== Material provided

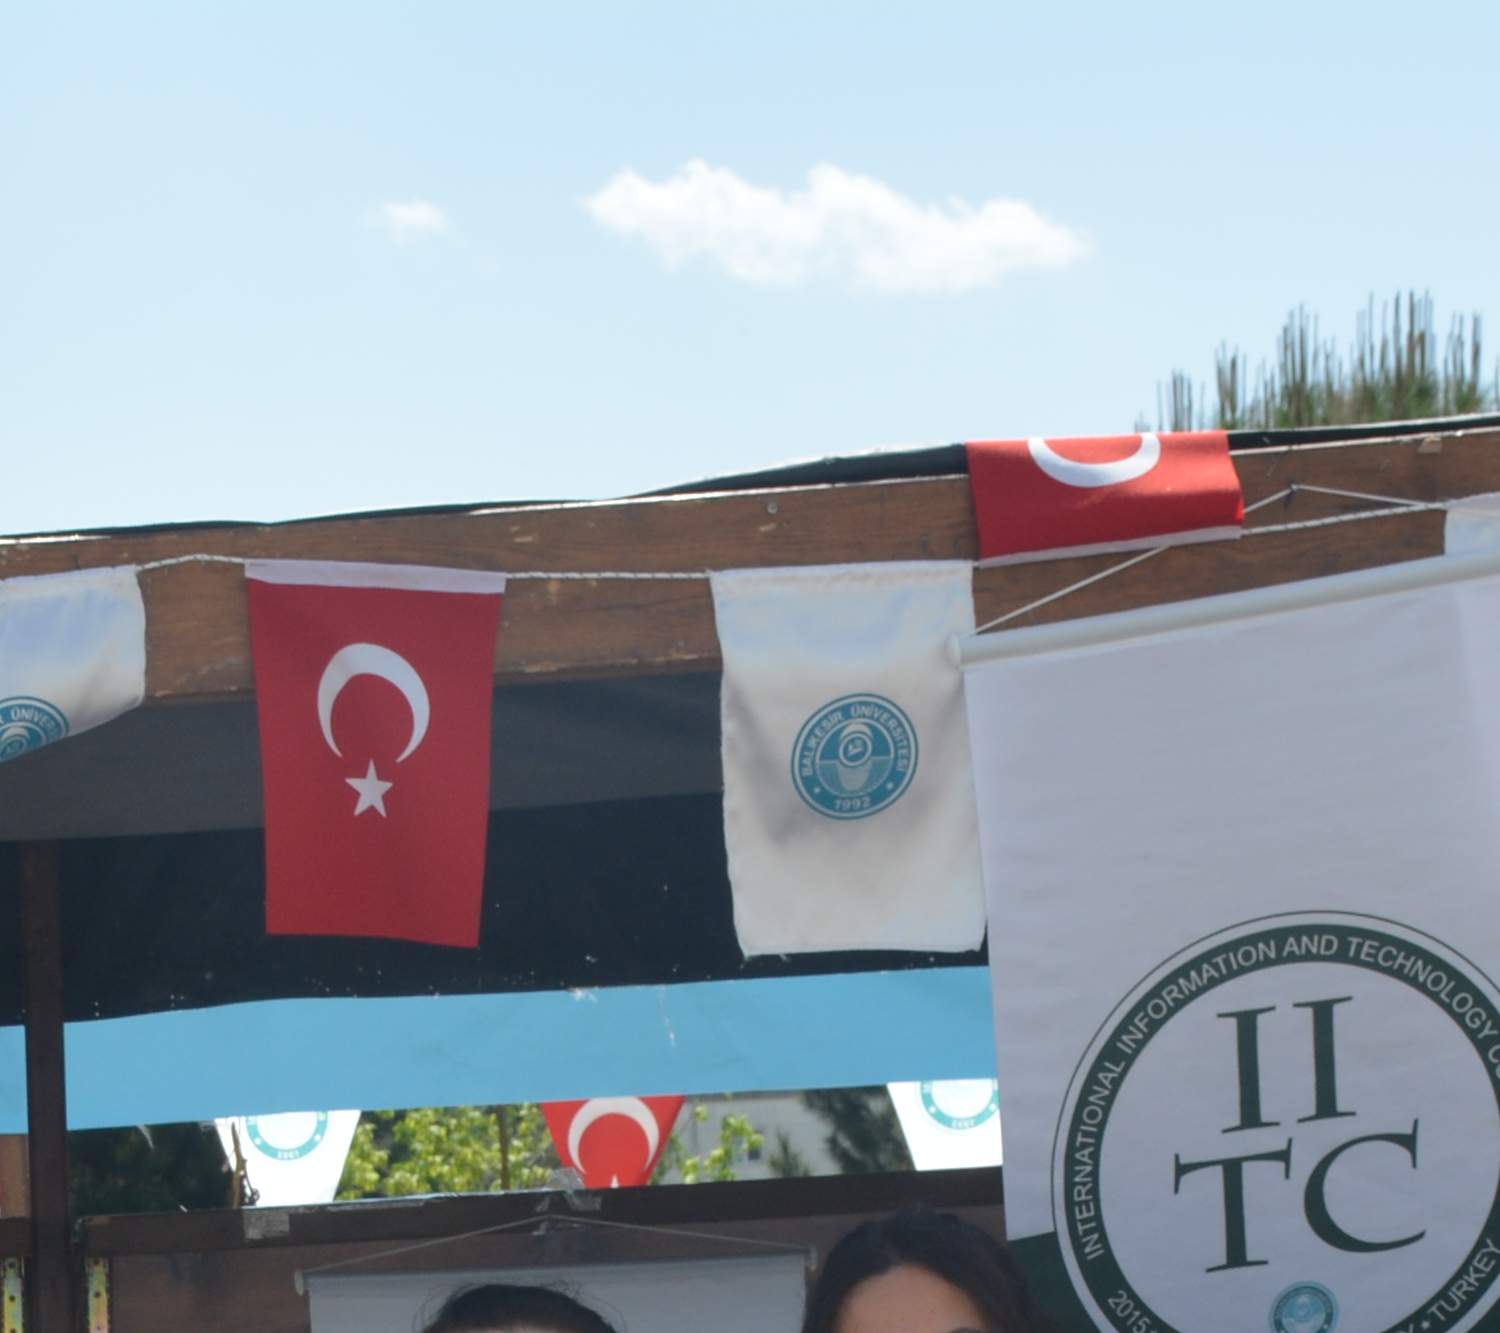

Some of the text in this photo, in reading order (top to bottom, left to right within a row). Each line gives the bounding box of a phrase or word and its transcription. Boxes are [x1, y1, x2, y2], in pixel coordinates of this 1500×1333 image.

[802, 710, 845, 777] BALIKESİR
[834, 796, 872, 811] 1992
[1074, 1060, 1125, 1260] INTERNATIONAL
[1116, 936, 1278, 1056] INFORMATION
[1282, 933, 1340, 958] AND
[1346, 935, 1499, 1044] TECHNOLOGY
[1216, 996, 1357, 1134] II
[1173, 1118, 1427, 1273] TC

====

■ **Exercise description**:
Without including the pictures, reproduce all entries exactly.

■ **Exercise answer**:
Some of the text in this photo, in reading order (top to bottom, left to right within a row). Each line gives the bounding box of a phrase or word and its transcription. Boxes are [x1, y1, x2, y2], in pixel coordinates of this 1500×1333 image.

[802, 710, 845, 777] BALIKESİR
[834, 796, 872, 811] 1992
[1074, 1060, 1125, 1260] INTERNATIONAL
[1116, 936, 1278, 1056] INFORMATION
[1282, 933, 1340, 958] AND
[1346, 935, 1499, 1044] TECHNOLOGY
[1216, 996, 1357, 1134] II
[1173, 1118, 1427, 1273] TC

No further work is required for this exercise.